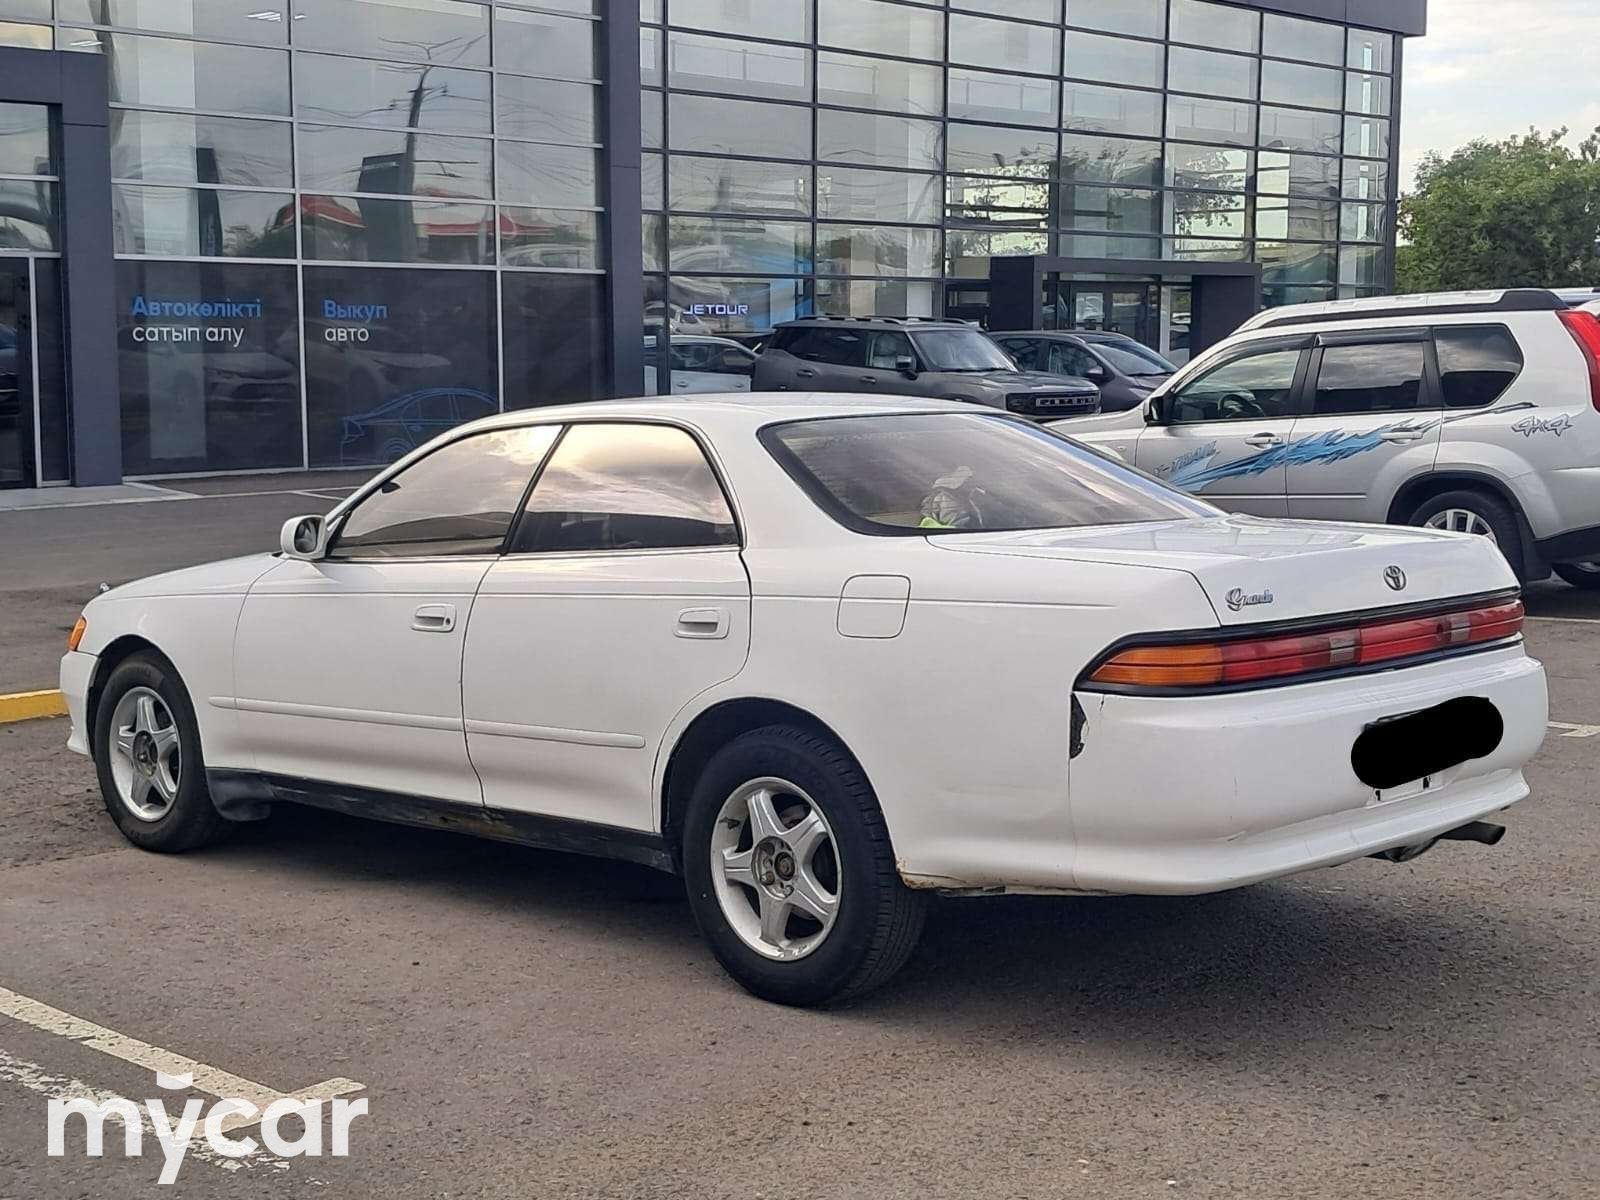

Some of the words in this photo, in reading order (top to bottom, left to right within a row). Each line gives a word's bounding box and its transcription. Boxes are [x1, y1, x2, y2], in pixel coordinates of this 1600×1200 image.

[132, 296, 262, 318] Автокөлікті
[324, 299, 388, 322] Выкуп
[683, 304, 749, 315] JETOUR
[132, 326, 200, 343] сатып
[205, 326, 244, 347] алу
[324, 327, 370, 343] авто
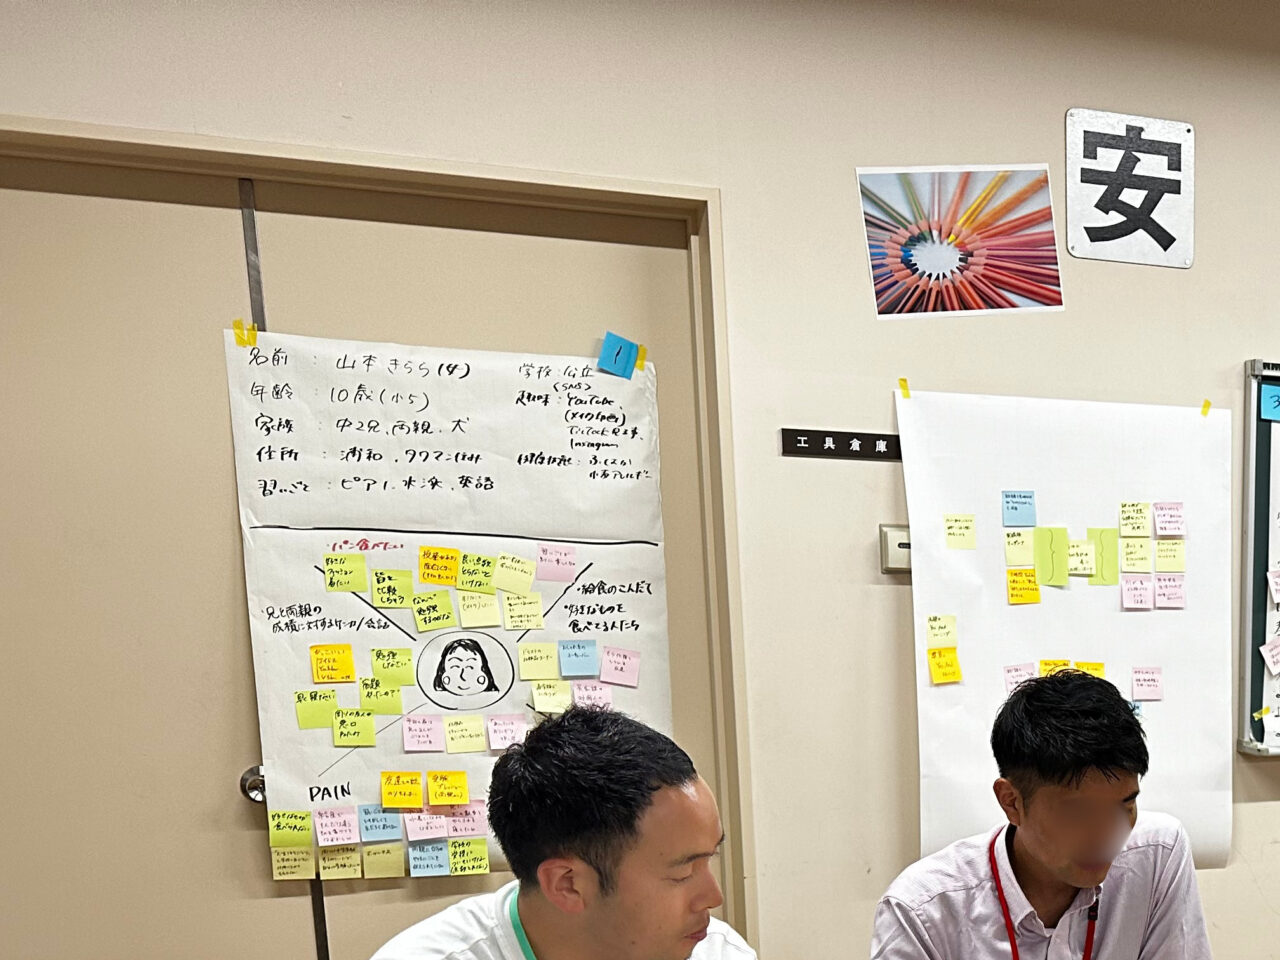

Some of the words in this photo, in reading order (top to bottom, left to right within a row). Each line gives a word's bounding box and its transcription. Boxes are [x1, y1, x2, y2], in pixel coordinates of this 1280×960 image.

[1081, 124, 1182, 252] 安
[796, 436, 889, 455] 工具倉庫
[309, 781, 352, 802] PAIN
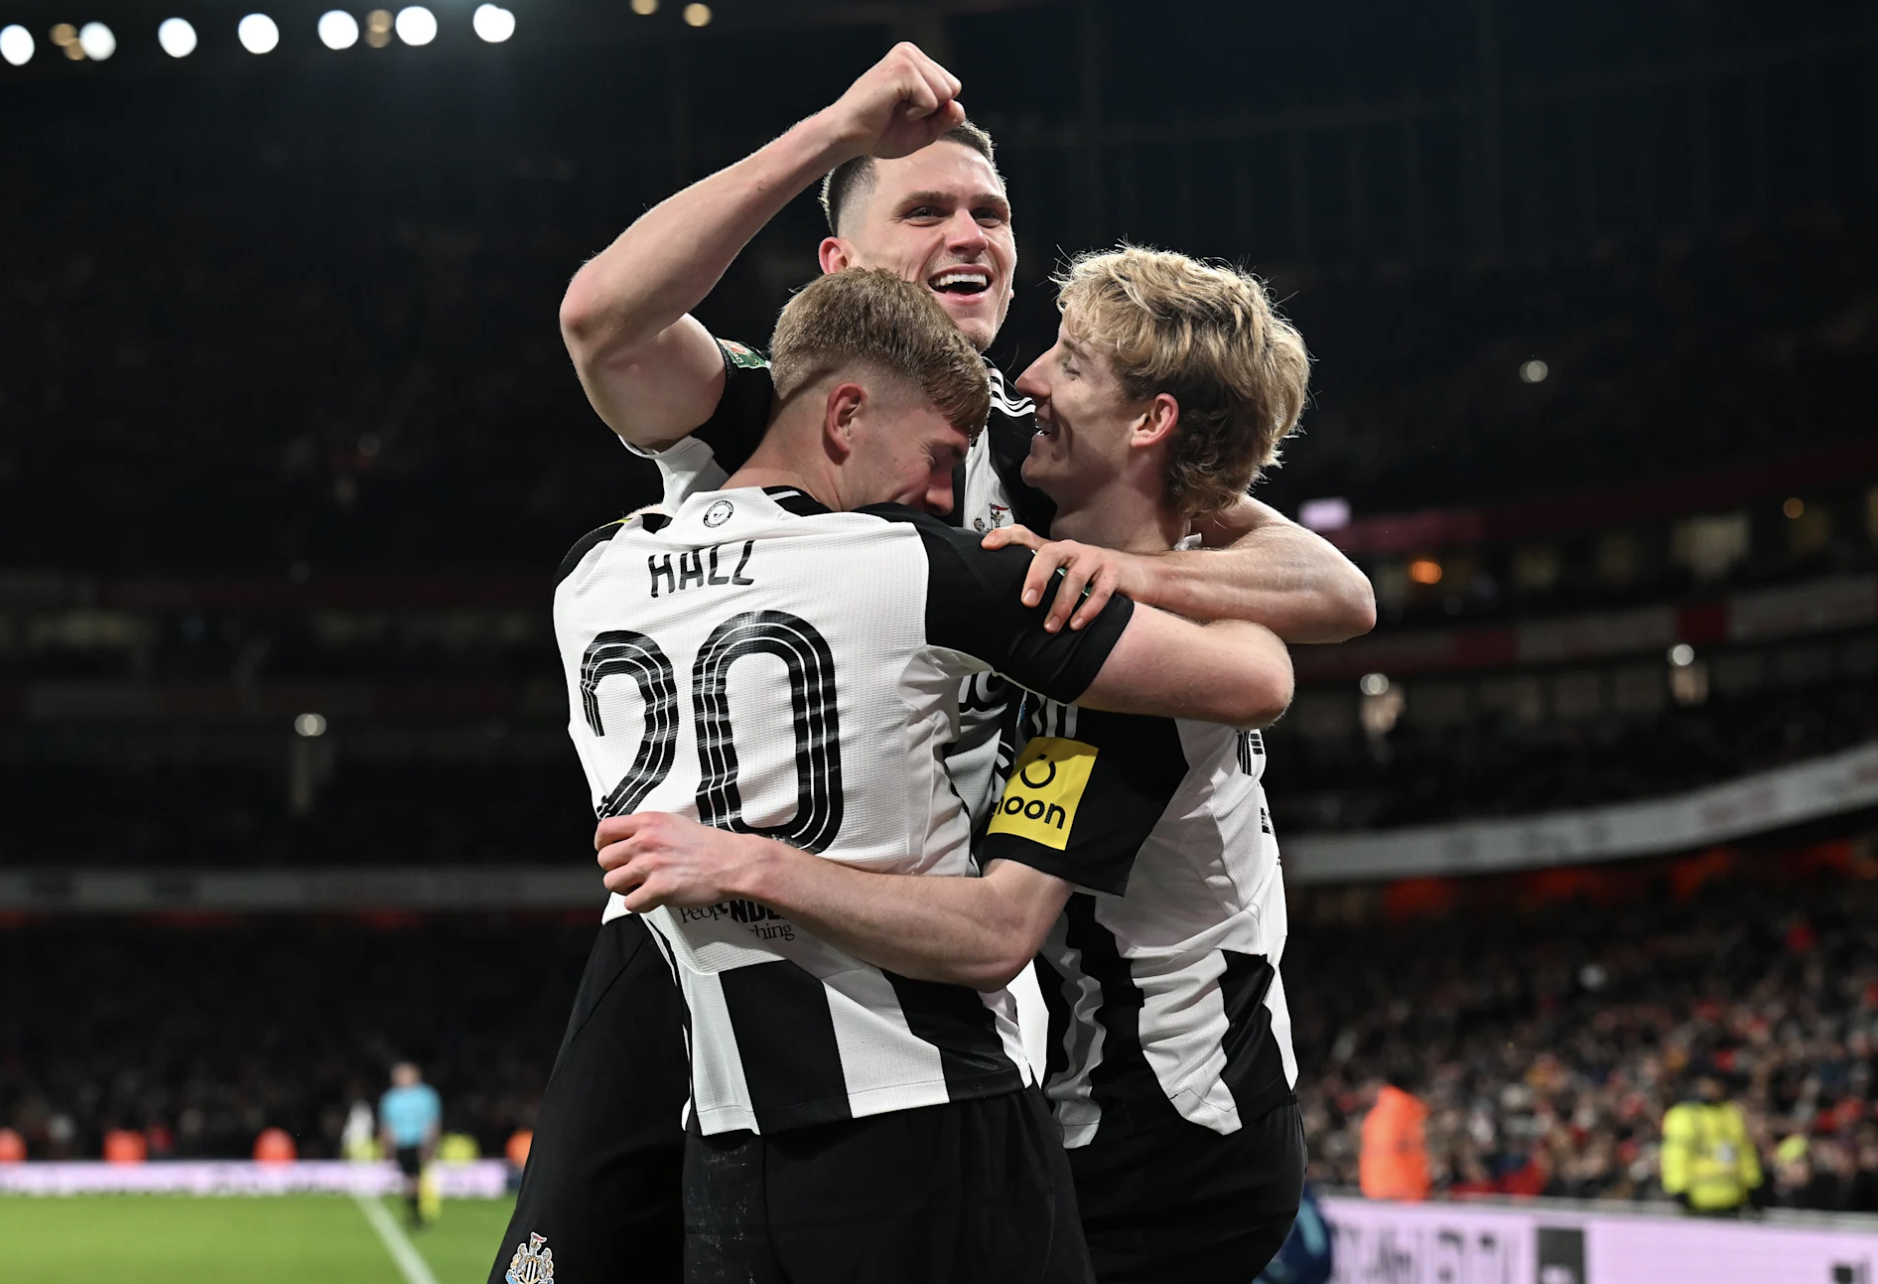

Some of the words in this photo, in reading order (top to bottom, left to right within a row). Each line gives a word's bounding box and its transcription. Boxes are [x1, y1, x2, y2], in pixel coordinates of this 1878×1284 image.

[647, 539, 756, 598] HALL
[580, 609, 844, 856] 20
[679, 905, 724, 924] Peop
[749, 922, 795, 942] hing
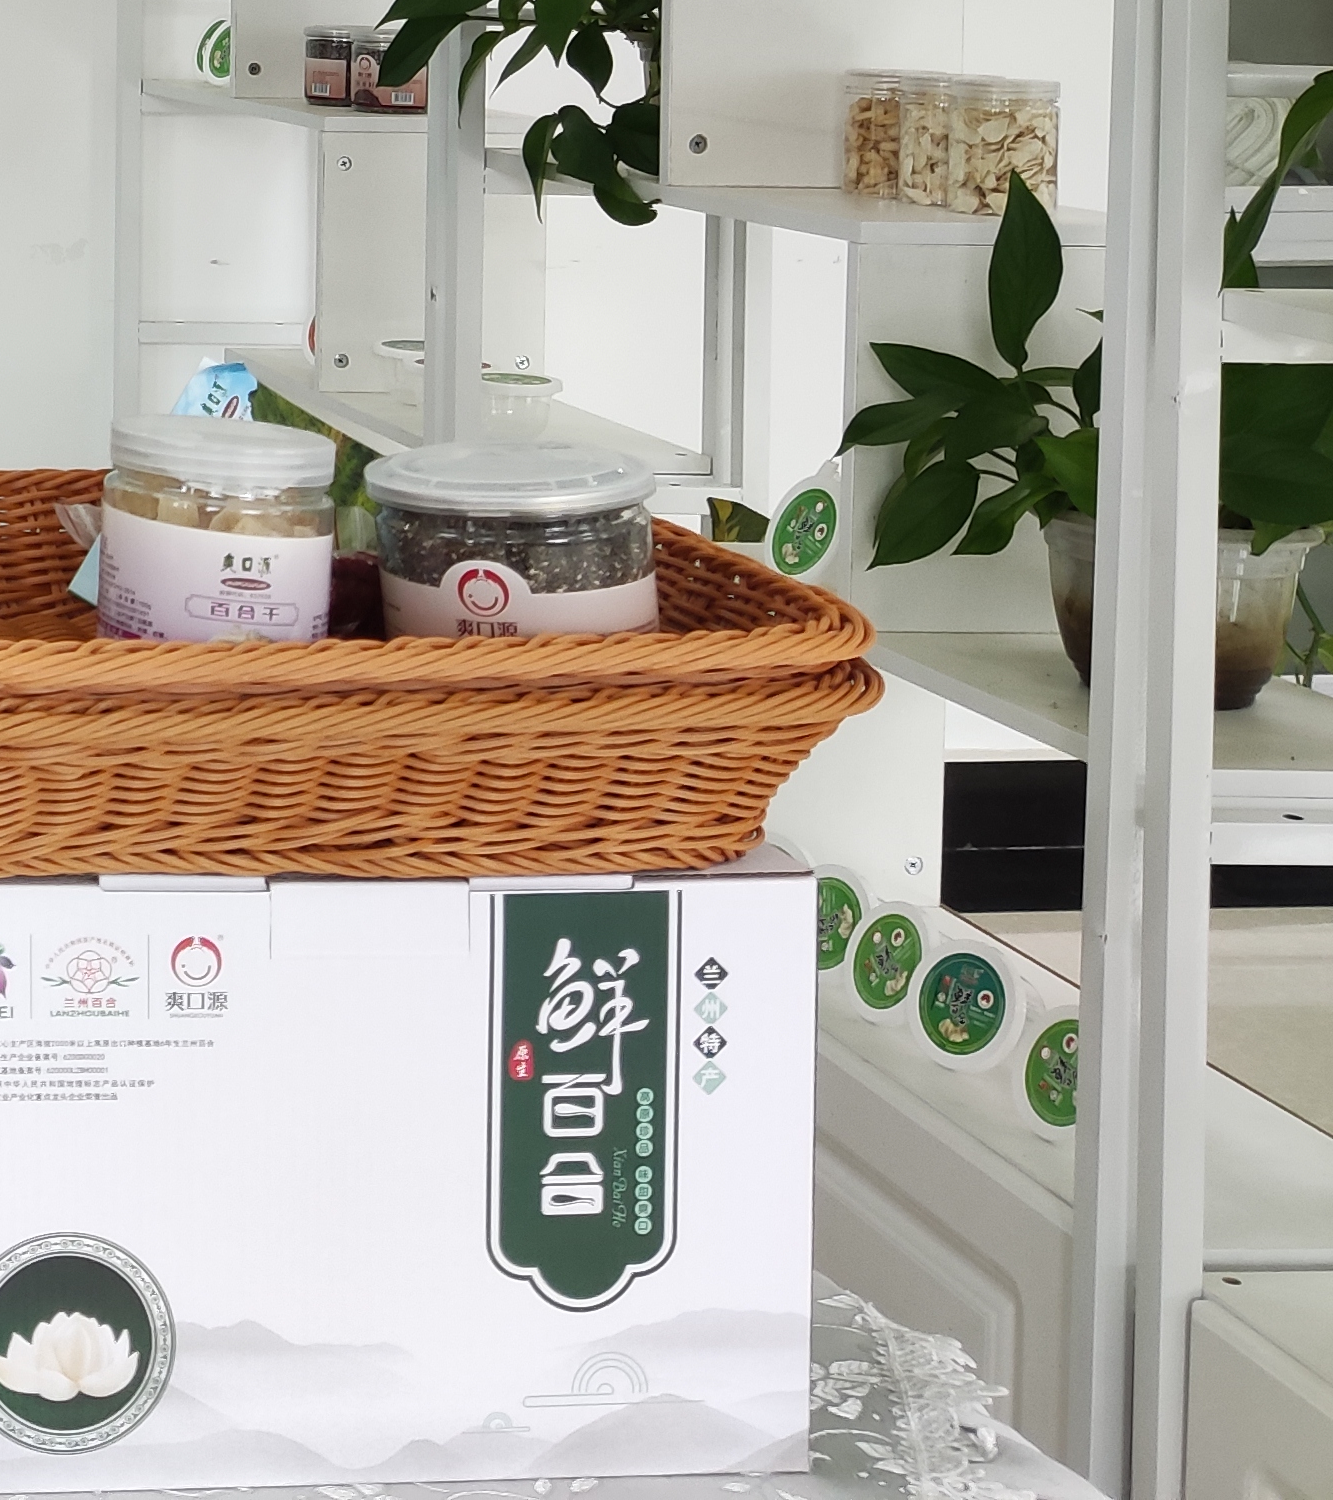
....................
Each record above should be duplicated word for word, with no pictures included.

» RESULT:
Some of the words in this photo, in reading order (top to bottom, left to right within a row). Each line gives a word's bounding box and its transcription. Boxes are [x1, y1, x2, y2], in pixel coordinates of this 1600×1200 image.

[132, 296, 262, 318] Автокөлікті
[324, 299, 388, 322] Выкуп
[683, 304, 749, 315] JETOUR
[132, 326, 200, 343] сатып
[205, 326, 244, 347] алу
[324, 327, 370, 343] авто

Some of the words in this photo, in reading order (top to bottom, left to right within a row). Each line gives a word's bounding box and its transcription. Boxes are [x1, y1, x2, y2], in pixel coordinates of this 1280×960 image.

[1081, 124, 1182, 252] 安
[796, 436, 889, 455] 工具倉庫
[309, 781, 352, 802] PAIN

Some of the words in this photo, in reading order (top to bottom, left to right within a row). Each line gives a word's bounding box and its transcription. Boxes are [x1, y1, x2, y2], in pixel coordinates of this 1878×1284 image.

[647, 539, 756, 598] HALL
[580, 609, 844, 856] 20
[679, 905, 724, 924] Peop
[749, 922, 795, 942] hing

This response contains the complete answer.